____ Task material

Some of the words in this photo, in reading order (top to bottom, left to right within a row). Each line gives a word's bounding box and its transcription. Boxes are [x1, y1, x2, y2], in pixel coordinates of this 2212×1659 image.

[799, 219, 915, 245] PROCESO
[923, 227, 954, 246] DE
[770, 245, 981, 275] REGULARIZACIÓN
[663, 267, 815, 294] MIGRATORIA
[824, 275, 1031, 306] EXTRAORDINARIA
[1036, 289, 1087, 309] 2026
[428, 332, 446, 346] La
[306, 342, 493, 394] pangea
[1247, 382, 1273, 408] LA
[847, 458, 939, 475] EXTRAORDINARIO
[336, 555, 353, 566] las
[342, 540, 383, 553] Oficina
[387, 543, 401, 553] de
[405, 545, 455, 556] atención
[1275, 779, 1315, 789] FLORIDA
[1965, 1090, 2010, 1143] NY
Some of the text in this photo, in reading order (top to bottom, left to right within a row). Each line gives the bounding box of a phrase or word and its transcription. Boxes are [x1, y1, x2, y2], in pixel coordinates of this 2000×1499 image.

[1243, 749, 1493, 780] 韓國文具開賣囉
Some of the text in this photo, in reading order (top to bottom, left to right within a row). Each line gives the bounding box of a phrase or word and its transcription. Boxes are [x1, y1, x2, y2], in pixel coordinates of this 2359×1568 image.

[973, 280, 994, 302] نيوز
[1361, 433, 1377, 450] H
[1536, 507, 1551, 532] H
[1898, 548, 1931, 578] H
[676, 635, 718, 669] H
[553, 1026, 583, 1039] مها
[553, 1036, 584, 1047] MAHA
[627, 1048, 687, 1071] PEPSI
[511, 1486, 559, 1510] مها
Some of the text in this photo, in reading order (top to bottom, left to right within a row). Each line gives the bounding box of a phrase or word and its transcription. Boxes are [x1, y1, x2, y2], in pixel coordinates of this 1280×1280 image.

________

→ **Problem requirements**:
Exact copies of all the records are to be printed.

→ **Task response**:
Some of the words in this photo, in reading order (top to bottom, left to right within a row). Each line gives a word's bounding box and its transcription. Boxes are [x1, y1, x2, y2], in pixel coordinates of this 2212×1659 image.

[799, 219, 915, 245] PROCESO
[923, 227, 954, 246] DE
[770, 245, 981, 275] REGULARIZACIÓN
[663, 267, 815, 294] MIGRATORIA
[824, 275, 1031, 306] EXTRAORDINARIA
[1036, 289, 1087, 309] 2026
[428, 332, 446, 346] La
[306, 342, 493, 394] pangea
[1247, 382, 1273, 408] LA
[847, 458, 939, 475] EXTRAORDINARIO
[336, 555, 353, 566] las
[342, 540, 383, 553] Oficina
[387, 543, 401, 553] de
[405, 545, 455, 556] atención
[1275, 779, 1315, 789] FLORIDA
[1965, 1090, 2010, 1143] NY
Some of the text in this photo, in reading order (top to bottom, left to right within a row). Each line gives the bounding box of a phrase or word and its transcription. Boxes are [x1, y1, x2, y2], in pixel coordinates of this 2000×1499 image.

[1243, 749, 1493, 780] 韓國文具開賣囉
Some of the text in this photo, in reading order (top to bottom, left to right within a row). Each line gives the bounding box of a phrase or word and its transcription. Boxes are [x1, y1, x2, y2], in pixel coordinates of this 2359×1568 image.

[973, 280, 994, 302] نيوز
[1361, 433, 1377, 450] H
[1536, 507, 1551, 532] H
[1898, 548, 1931, 578] H
[676, 635, 718, 669] H
[553, 1026, 583, 1039] مها
[553, 1036, 584, 1047] MAHA
[627, 1048, 687, 1071] PEPSI
[511, 1486, 559, 1510] مها
Some of the text in this photo, in reading order (top to bottom, left to right within a row). Each line gives the bounding box of a phrase or word and its transcription. Boxes are [x1, y1, x2, y2], in pixel coordinates of this 1280×1280 image.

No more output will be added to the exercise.